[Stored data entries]
───

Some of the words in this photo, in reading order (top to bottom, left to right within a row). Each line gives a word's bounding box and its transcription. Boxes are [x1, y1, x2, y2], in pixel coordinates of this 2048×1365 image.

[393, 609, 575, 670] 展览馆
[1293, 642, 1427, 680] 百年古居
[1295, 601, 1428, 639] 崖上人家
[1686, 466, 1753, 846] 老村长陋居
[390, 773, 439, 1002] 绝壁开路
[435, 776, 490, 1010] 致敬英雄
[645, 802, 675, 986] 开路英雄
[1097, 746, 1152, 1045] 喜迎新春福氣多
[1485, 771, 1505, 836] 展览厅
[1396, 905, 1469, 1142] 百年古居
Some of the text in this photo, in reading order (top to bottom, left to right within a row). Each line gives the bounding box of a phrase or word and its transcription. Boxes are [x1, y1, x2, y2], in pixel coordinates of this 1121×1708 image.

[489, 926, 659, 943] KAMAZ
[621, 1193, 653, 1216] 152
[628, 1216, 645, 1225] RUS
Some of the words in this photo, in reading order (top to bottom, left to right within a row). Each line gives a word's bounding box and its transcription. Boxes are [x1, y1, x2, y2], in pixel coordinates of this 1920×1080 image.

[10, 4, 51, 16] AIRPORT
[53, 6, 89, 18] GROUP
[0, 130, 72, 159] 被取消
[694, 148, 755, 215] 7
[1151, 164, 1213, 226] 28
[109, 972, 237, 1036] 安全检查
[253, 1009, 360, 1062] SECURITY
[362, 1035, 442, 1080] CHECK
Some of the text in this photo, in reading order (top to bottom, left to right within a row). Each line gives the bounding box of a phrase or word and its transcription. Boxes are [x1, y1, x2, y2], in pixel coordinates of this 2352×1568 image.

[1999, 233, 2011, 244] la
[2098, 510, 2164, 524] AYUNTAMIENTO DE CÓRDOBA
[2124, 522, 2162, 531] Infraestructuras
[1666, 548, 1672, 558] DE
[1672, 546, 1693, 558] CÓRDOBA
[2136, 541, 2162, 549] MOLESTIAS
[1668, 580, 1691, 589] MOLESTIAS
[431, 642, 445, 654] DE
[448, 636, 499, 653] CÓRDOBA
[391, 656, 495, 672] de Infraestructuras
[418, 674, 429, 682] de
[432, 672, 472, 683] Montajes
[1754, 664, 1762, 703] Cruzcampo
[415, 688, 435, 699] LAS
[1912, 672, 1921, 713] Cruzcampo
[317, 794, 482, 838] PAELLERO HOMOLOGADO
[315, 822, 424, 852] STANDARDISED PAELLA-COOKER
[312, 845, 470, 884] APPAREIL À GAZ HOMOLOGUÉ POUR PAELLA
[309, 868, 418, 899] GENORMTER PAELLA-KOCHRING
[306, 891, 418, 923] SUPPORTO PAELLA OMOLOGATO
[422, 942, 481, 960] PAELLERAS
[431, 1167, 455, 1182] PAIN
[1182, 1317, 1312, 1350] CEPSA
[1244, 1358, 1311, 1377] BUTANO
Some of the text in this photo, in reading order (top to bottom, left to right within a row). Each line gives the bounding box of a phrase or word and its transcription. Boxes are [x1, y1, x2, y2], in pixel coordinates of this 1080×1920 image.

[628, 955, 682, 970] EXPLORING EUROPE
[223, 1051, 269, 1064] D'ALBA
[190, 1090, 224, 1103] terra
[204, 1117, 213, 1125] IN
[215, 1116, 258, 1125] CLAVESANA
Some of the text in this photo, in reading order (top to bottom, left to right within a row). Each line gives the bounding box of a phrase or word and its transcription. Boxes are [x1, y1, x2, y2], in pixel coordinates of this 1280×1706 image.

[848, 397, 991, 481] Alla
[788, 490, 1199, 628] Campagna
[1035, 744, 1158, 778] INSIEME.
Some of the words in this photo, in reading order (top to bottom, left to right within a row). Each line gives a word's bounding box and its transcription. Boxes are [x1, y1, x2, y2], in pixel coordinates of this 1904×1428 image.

───

PROBLEM DESCRIPTION = Repeat every record exactly as written, please.

COMPLETED EXERCISE =
Some of the words in this photo, in reading order (top to bottom, left to right within a row). Each line gives a word's bounding box and its transcription. Boxes are [x1, y1, x2, y2], in pixel coordinates of this 2048×1365 image.

[393, 609, 575, 670] 展览馆
[1293, 642, 1427, 680] 百年古居
[1295, 601, 1428, 639] 崖上人家
[1686, 466, 1753, 846] 老村长陋居
[390, 773, 439, 1002] 绝壁开路
[435, 776, 490, 1010] 致敬英雄
[645, 802, 675, 986] 开路英雄
[1097, 746, 1152, 1045] 喜迎新春福氣多
[1485, 771, 1505, 836] 展览厅
[1396, 905, 1469, 1142] 百年古居
Some of the text in this photo, in reading order (top to bottom, left to right within a row). Each line gives the bounding box of a phrase or word and its transcription. Boxes are [x1, y1, x2, y2], in pixel coordinates of this 1121×1708 image.

[489, 926, 659, 943] KAMAZ
[621, 1193, 653, 1216] 152
[628, 1216, 645, 1225] RUS
Some of the words in this photo, in reading order (top to bottom, left to right within a row). Each line gives a word's bounding box and its transcription. Boxes are [x1, y1, x2, y2], in pixel coordinates of this 1920×1080 image.

[10, 4, 51, 16] AIRPORT
[53, 6, 89, 18] GROUP
[0, 130, 72, 159] 被取消
[694, 148, 755, 215] 7
[1151, 164, 1213, 226] 28
[109, 972, 237, 1036] 安全检查
[253, 1009, 360, 1062] SECURITY
[362, 1035, 442, 1080] CHECK
Some of the text in this photo, in reading order (top to bottom, left to right within a row). Each line gives the bounding box of a phrase or word and its transcription. Boxes are [x1, y1, x2, y2], in pixel coordinates of this 2352×1568 image.

[1999, 233, 2011, 244] la
[2098, 510, 2164, 524] AYUNTAMIENTO DE CÓRDOBA
[2124, 522, 2162, 531] Infraestructuras
[1666, 548, 1672, 558] DE
[1672, 546, 1693, 558] CÓRDOBA
[2136, 541, 2162, 549] MOLESTIAS
[1668, 580, 1691, 589] MOLESTIAS
[431, 642, 445, 654] DE
[448, 636, 499, 653] CÓRDOBA
[391, 656, 495, 672] de Infraestructuras
[418, 674, 429, 682] de
[432, 672, 472, 683] Montajes
[1754, 664, 1762, 703] Cruzcampo
[415, 688, 435, 699] LAS
[1912, 672, 1921, 713] Cruzcampo
[317, 794, 482, 838] PAELLERO HOMOLOGADO
[315, 822, 424, 852] STANDARDISED PAELLA-COOKER
[312, 845, 470, 884] APPAREIL À GAZ HOMOLOGUÉ POUR PAELLA
[309, 868, 418, 899] GENORMTER PAELLA-KOCHRING
[306, 891, 418, 923] SUPPORTO PAELLA OMOLOGATO
[422, 942, 481, 960] PAELLERAS
[431, 1167, 455, 1182] PAIN
[1182, 1317, 1312, 1350] CEPSA
[1244, 1358, 1311, 1377] BUTANO
Some of the text in this photo, in reading order (top to bottom, left to right within a row). Each line gives the bounding box of a phrase or word and its transcription. Boxes are [x1, y1, x2, y2], in pixel coordinates of this 1080×1920 image.

[628, 955, 682, 970] EXPLORING EUROPE
[223, 1051, 269, 1064] D'ALBA
[190, 1090, 224, 1103] terra
[204, 1117, 213, 1125] IN
[215, 1116, 258, 1125] CLAVESANA
Some of the text in this photo, in reading order (top to bottom, left to right within a row). Each line gives the bounding box of a phrase or word and its transcription. Boxes are [x1, y1, x2, y2], in pixel coordinates of this 1280×1706 image.

[848, 397, 991, 481] Alla
[788, 490, 1199, 628] Campagna
[1035, 744, 1158, 778] INSIEME.
Some of the words in this photo, in reading order (top to bottom, left to right within a row). Each line gives a word's bounding box and its transcription. Boxes are [x1, y1, x2, y2], in pixel coordinates of this 1904×1428 image.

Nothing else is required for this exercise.